The report, released in mid-August by the agency, comes after years of often tough criticism-especially in the early part of this decade-by medical devices manufacturers who said the regulatory review process was slow, confusing, and driving companies overseas. At the same time, the FDA has also come under fire from some patient advocacy groups who say its oversight has not been strong enough. Over the past several years, the agency has instituted a number of changes that it says address both concerns, “striking the right balance.”

In doing so, the agency says it stayed true to its basic framework, one that allows for flexibility and recognizes that the FDA’s mandate has never been to “eliminate risk” when it comes to medical devices. “Rather, FDA applies only the level of oversight necessary to establish a reasonable assurance of safety and effectiveness of devices,” the agency says in the report.

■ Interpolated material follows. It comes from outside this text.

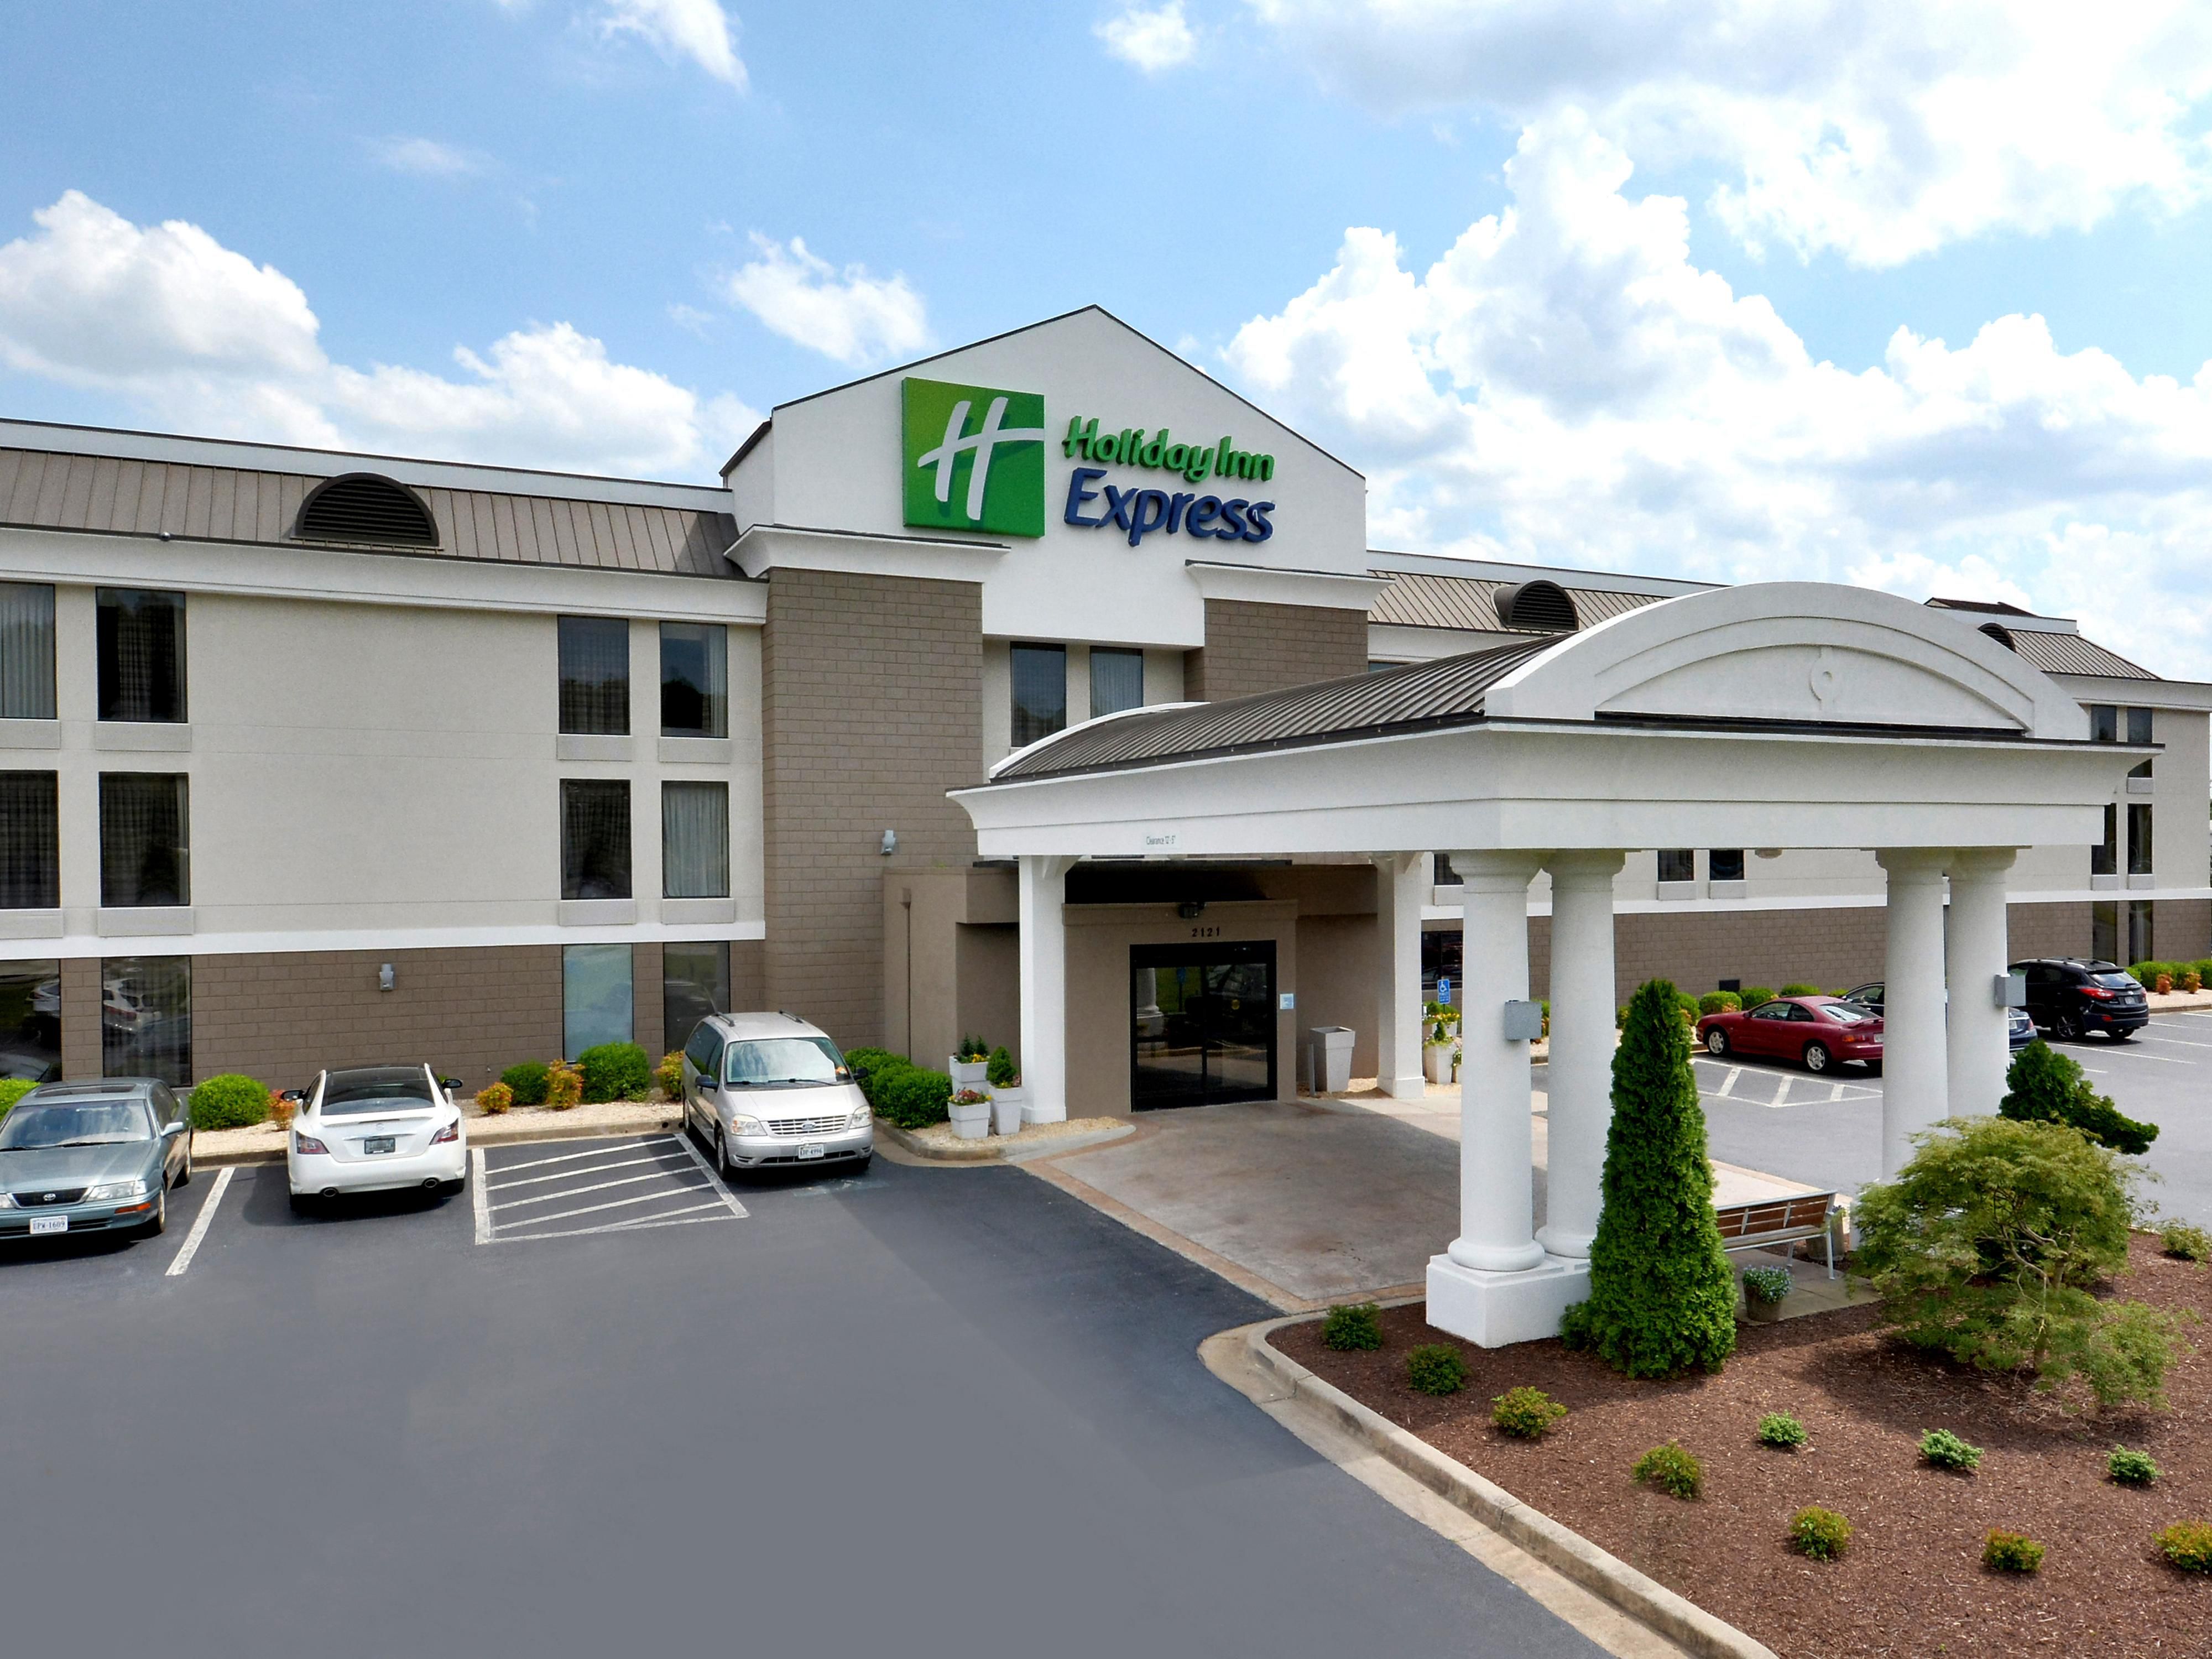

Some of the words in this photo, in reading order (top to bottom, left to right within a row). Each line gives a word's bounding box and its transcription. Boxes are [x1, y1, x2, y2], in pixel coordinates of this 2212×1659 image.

[1062, 415, 1214, 483] Holiday
[1215, 436, 1275, 481] Inn
[1063, 467, 1276, 547] Express
[1192, 927, 1220, 937] 2121

Specific improvements cited in the report include the following:
• The implementation of a clinical trials program to coordinate oversight of clinical studies of medical devices. The agency says it is making better use of statistical methods that allow for “shorter and smaller clinical trials.”
•A recalibration of the benefit-risk framework for the premarket review of devices, one that incorporates “patient preferences in evaluating the risks and benefits of a device.”
•Collaboration with others in the public and private sectors to promote the development of “regulatory science tools and real-world evidence for use in device development and assessment, as well as surveillance of the real-world performance of medical devices.”
•A commitment to oversight that keeps pace with “rapidly evolving new technologies, including mobile medical apps and other health information technology (IT), companion diagnostics, and next generation sequencing tests.”

In detailing its performance on review times, the agency cites several examples. One of them deals with 510(k) submissions, which refer to a type of application dealing with Class II and Class I medical devices, moderate and low-risk categories respectively. “In fiscal year (FY) 2010, it took 132 days for a total time to a decision on a 510(k),” the report says. “By FY 2014, total time had dropped by 13 percent to about 115 days.”